Despite the iPad representing a significant revenue stream that didn’t exist six months earlier, analysts expected Apple to sell 5 million units that quarter. So they chalked up the 4.19 million figure as a disappointment.

This starts a theme that has continued in the years since. However many tablets Apple sells — or however varied the iPad’s uses, adoption and sales are — the device is written off as falling short of expectations.

Steve Jobs says iPad will be ‘really, really big’

Jobs, however, wasn’t having any of it. “I think we’ve got a tiger by the tail,” he said, answering a question about the iPad’s likely sales trajectory. “I think it’s going to be really, really big.”

He also used the occasion to throw some shade on Apple’s rivals, who were still making 7-inch tablets, offering just 45 percent of the first-gen iPad’s 11-inch display.

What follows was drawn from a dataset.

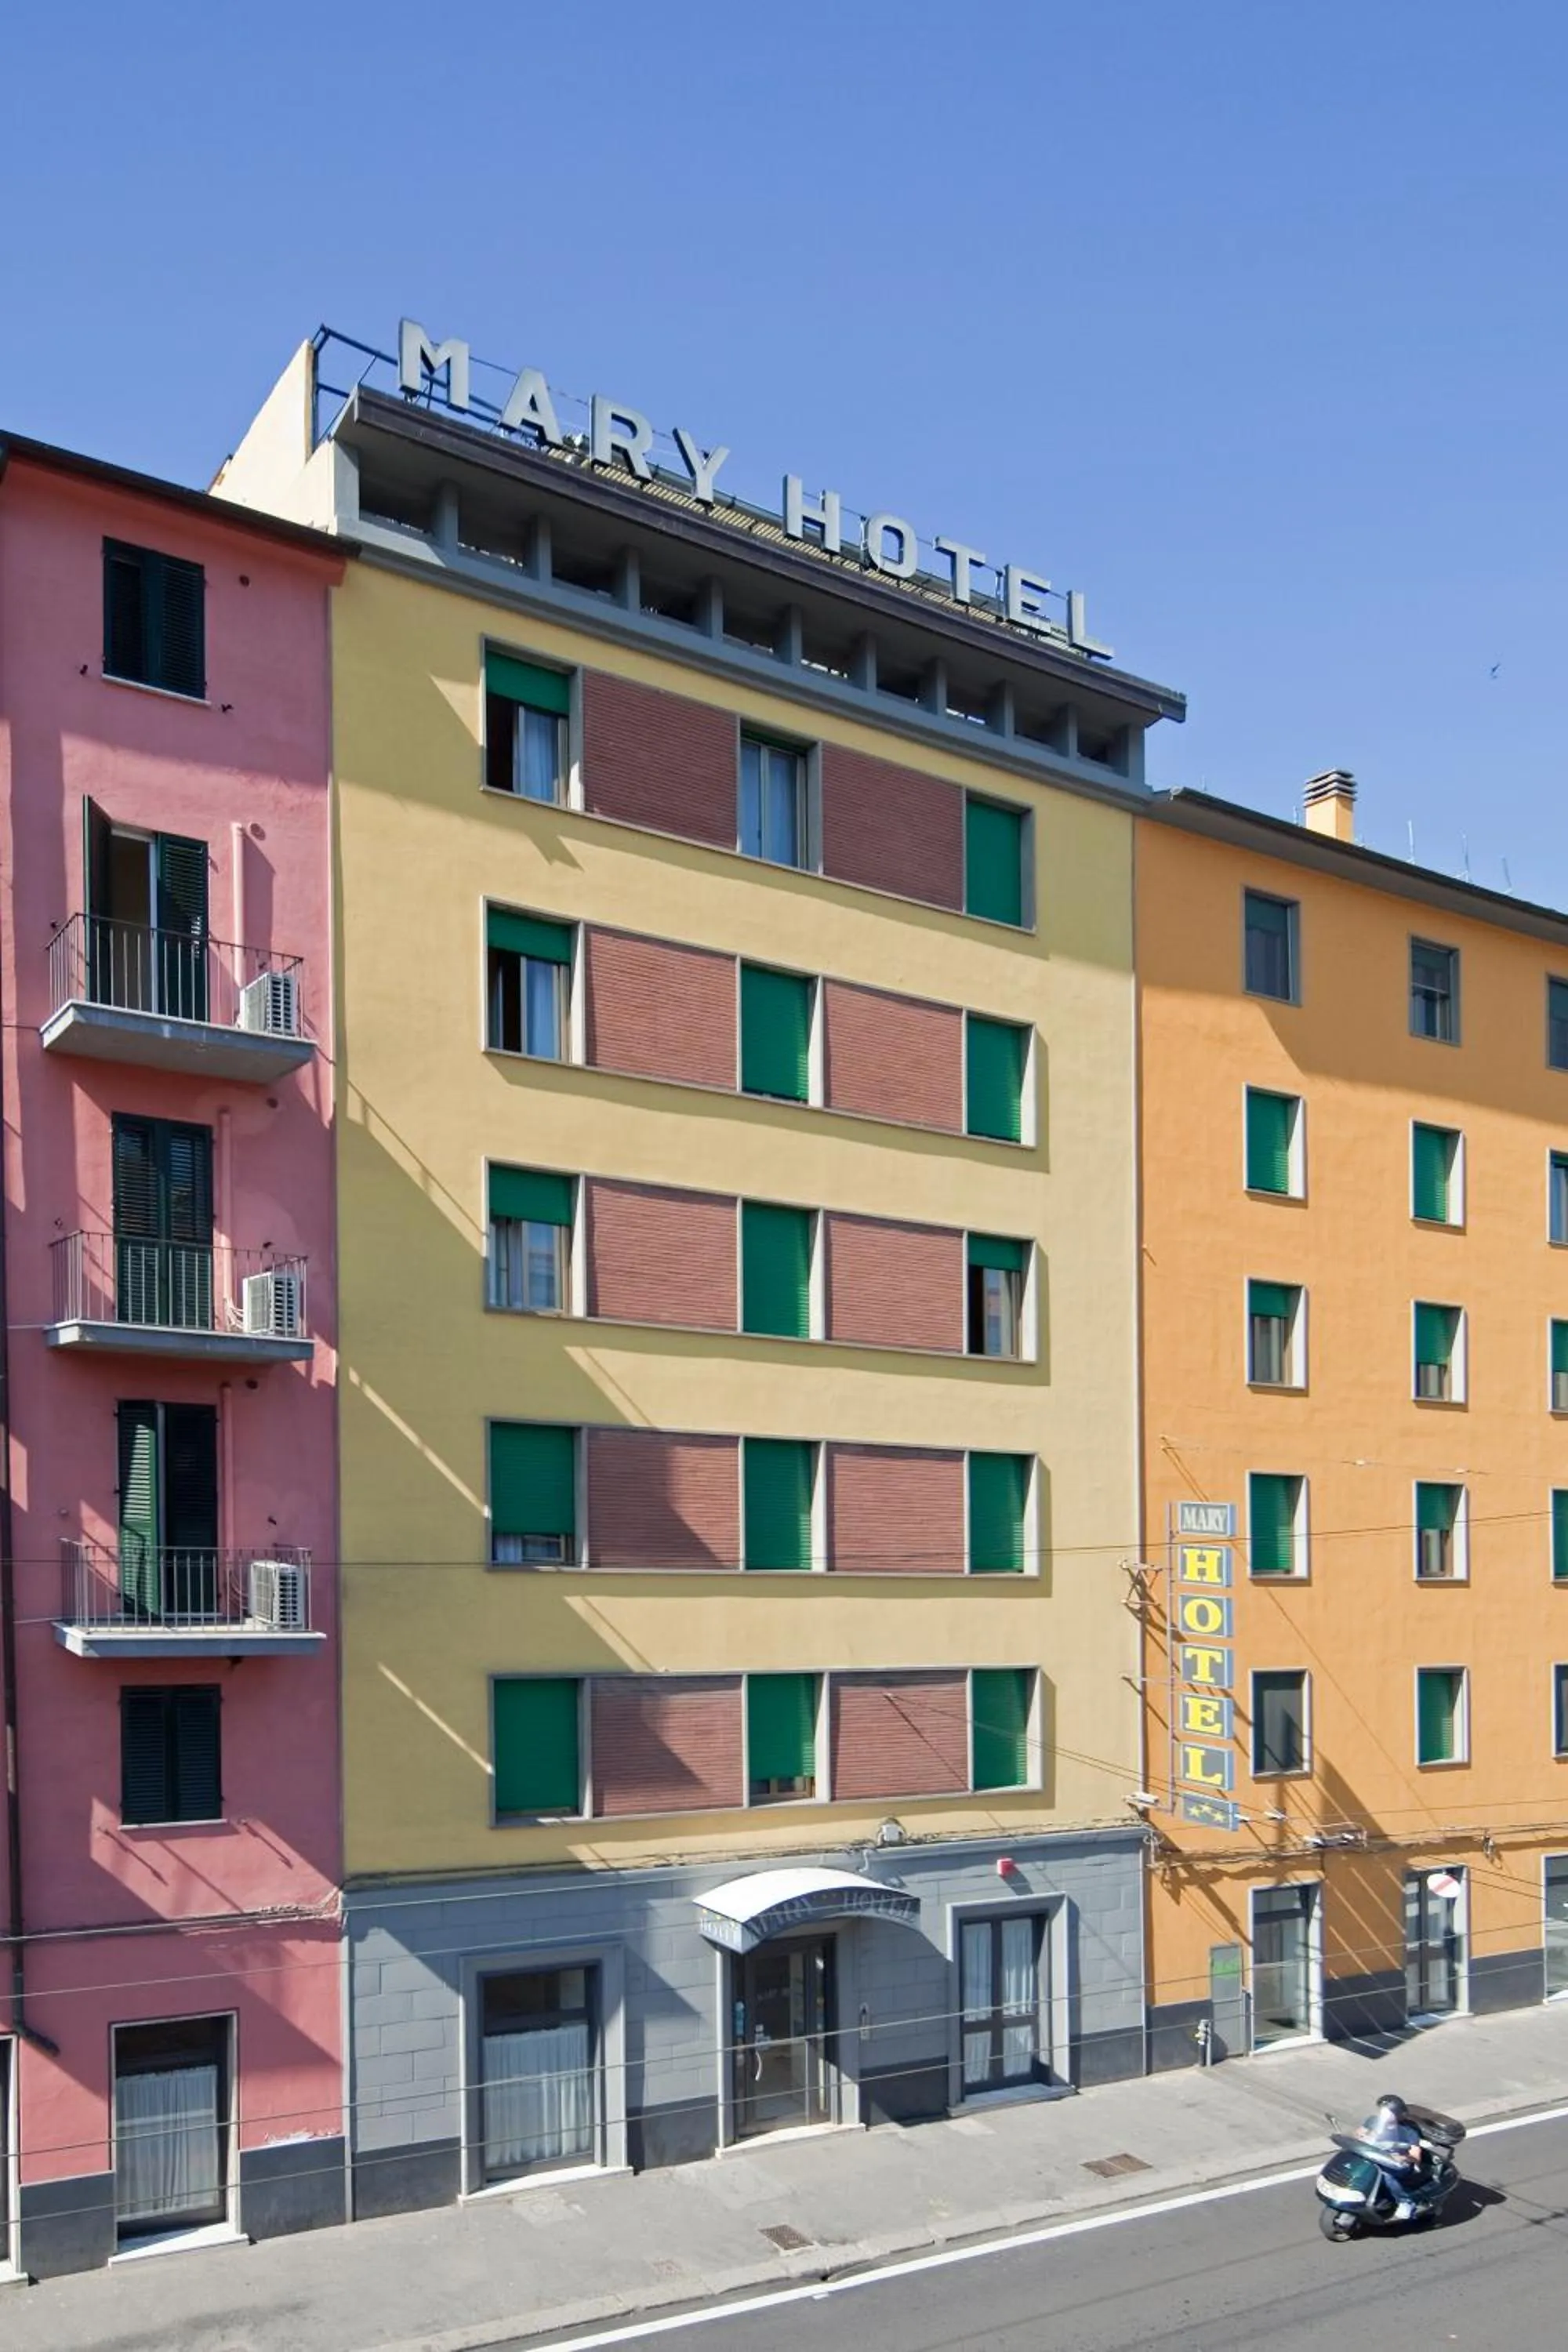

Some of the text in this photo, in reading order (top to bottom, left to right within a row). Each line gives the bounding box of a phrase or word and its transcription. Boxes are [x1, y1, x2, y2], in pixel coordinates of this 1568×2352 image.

Jobs proclaimed these rivals “DOA — dead on arrival.” Scathingly, he refused to even acknowledge them as “competitors,” but more as “qualified entrants” into the market place.

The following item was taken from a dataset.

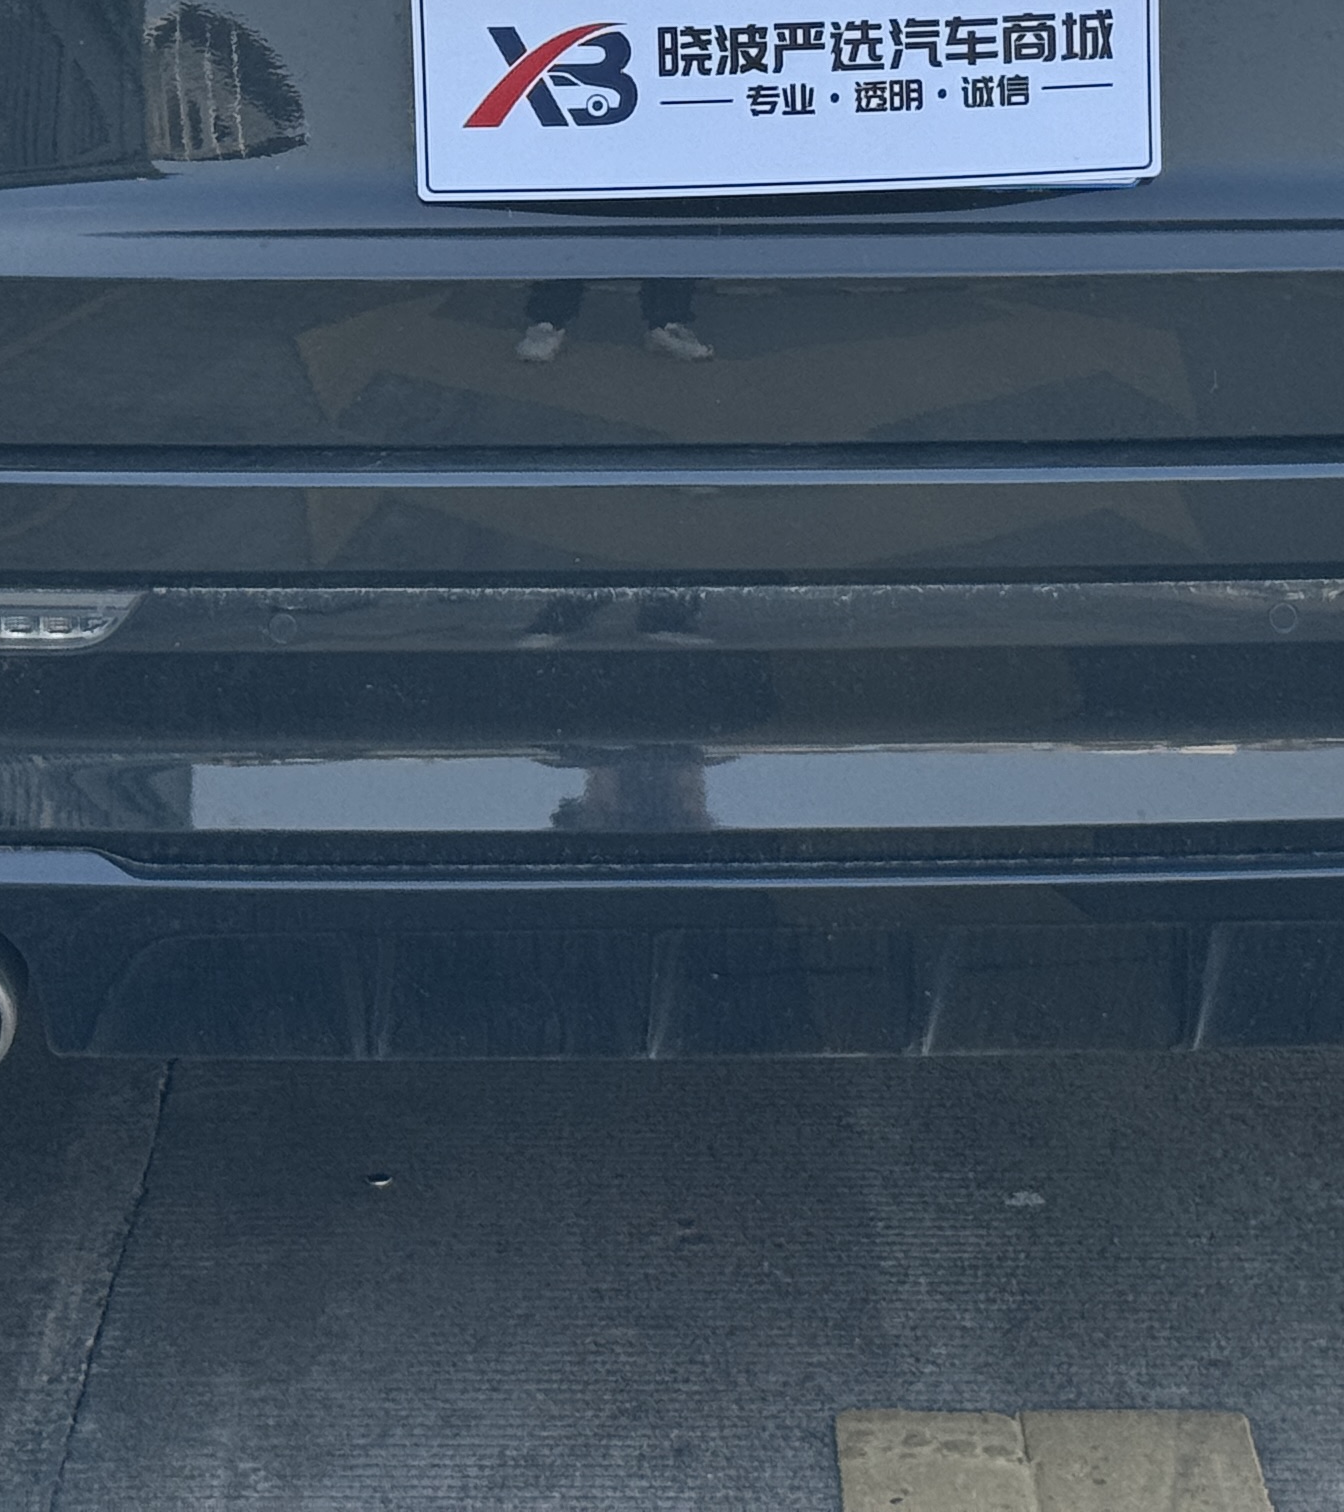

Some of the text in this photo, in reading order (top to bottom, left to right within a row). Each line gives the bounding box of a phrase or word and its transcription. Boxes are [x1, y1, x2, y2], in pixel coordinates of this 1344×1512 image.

[658, 9, 1114, 77] 晓波严选汽车商城

Finally, he took digs at Google, which had advised tablet makers not to use the current version of Android for tablets. “What does it mean when your software supplier tells you not to use their software on your tablet?” Jobs asked.

When did you buy your first iPad? Did you help make it the fastest-selling tech device in history? Leave your comments below.

  • AAPL.To.Break.$115.Soon.>:-)

    It appears as though every product Apple sells is quickly written off as a failure due to some outsider’s sales expectations not being met. That’s something I really can’t wrap my head around. It’s true that if Apple lowered it’s prices, the company could sell a heck of a lot more units but I guess that’s not the way Apple operates. I think higher prices are best for Apple but it’s probably a killer for Apple shareholders. Wall Street only gives high value to companies which have a market cornered and I don’t think Apple will ever corner any market. Each time Apple gets into a prosperous market it’s quickly overrun by manufacturers happily willing to undercut Apple’s products in price and then Apple’s market share quickly disappears. After that, it’s doom and gloom reports for Apple and how they’re losing market share and the company is dying. Highest market share continues to be Wall Street’s standard for company value.

    Wall Street has written off Apple’s current tablet market as being nearly worthless and maybe it is when compared to iPhone sales. I doubt there’s anything Apple can do about it. It will be nearly impossible, in my opinion, whether Apple can find another product that even comes halfway close to iPhone sales or iPhone revenue. It appears as though Apple shareholders will remain screwed over while other tech companies get significant gains. Tim Cook has no answers and that’s a huge problem for a company sitting on a mountain of unused cash.

  • thesavvyeater

    Bought the iPad 2 as soon as it came out. It took me that long to save for it otherwise would have bought Gen 1. I used the heck out of that thing until ultimately buying an iPad Air and just within the last two months, upgrading to a 9.7″ iPad Pro with Apple Pencil. It is a fantastic product for my use cases and I would hate to be without it. (PS- I couldn’t give a shit less about what analysts have to say. I buy what I want, not what someone wants me to buy, or suggests I buy for whatever myriad reasons.)

  • iscaro

    Started with the first iPad, then the iPad 3, then the iPad Air and then, after a few months without a tablet,I’ve bought and I’m still on the iPad Air 2 that works really good for me…
    but on day I’m going to get a Pro just because of the stereo speakers should be a must for every tablet.